Get the result of an async task (removes the task after retrieval)
AI agents call async_get_task_result to retrieve information from MCP Async Bridge Server without modifying anything — typically the context-gathering step in research, monitoring, and reporting workflows, before the agent takes action elsewhere.
This tool primarily reads/retrieves task result data. While it mentions removal after retrieval, that is an automatic consequence of the read operation (cleanup of processed task state), not a destructive action initiated by the user. It has no execution capabilities, cannot modify data reversibly, and poses minimal risk if misused by an agent—retrieving old task results carries low blast radius.
From the tool's definition Tool retrieves a task result with 'Get the result of an async task'. The removal after retrieval is an automatic cleanup mechanism, not a destructive user action.

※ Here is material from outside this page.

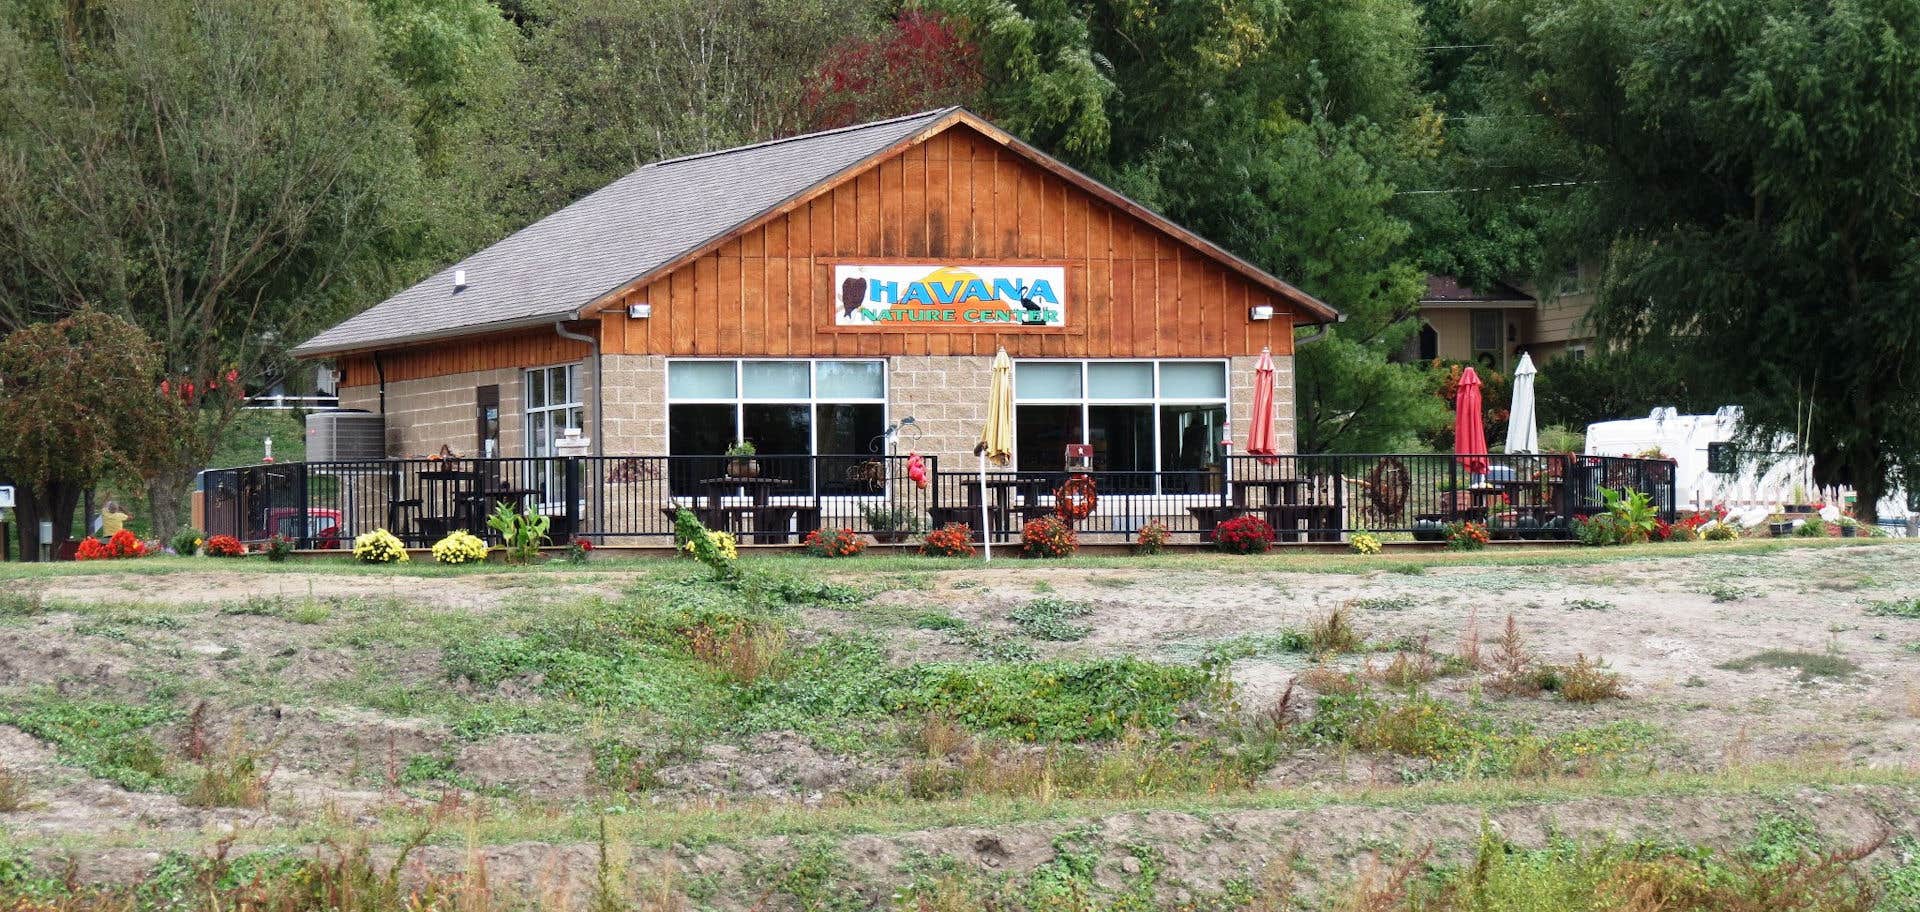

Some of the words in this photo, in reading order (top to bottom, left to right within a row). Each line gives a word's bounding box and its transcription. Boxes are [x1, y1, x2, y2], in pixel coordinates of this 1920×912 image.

[869, 278, 1059, 304] HAVANA
[860, 308, 956, 321] NATURE
[963, 308, 1058, 322] CENTER

Attacks that exploit this kind of access
Get the result of an async task (removes the task after retrieval). It is categorised as a Read tool in the MCP Async Bridge Server MCP Server, which means it retrieves data without modifying state.
Register the MCP Async Bridge Server MCP server in PolicyLayer and add a rule for async_get_task_result: allow, deny, rate-limit, or require approval. Point your MCP client at the PolicyLayer proxy URL and the rule is enforced on every call, before it reaches MCP Async Bridge Server. Nothing to install.
async_get_task_result is a Read tool with low risk. Read-only tools are generally safe to allow by default.
Yes. Add a rate_limit block to the async_get_task_result rule in your PolicyLayer policy. For example, setting max: 10 and window: 60 limits the tool to 10 calls per minute. Rate limits are tracked per agent session and reset automatically.
Set action: deny in the PolicyLayer policy for async_get_task_result. The AI agent will receive a policy violation error and cannot call the tool. You can also include a reason field to explain why the tool is blocked.
async_get_task_result is provided by the MCP Async Bridge Server MCP server (mako10k/mcp-async). PolicyLayer sits as a proxy in front of this server to enforce policies before tool calls reach the server.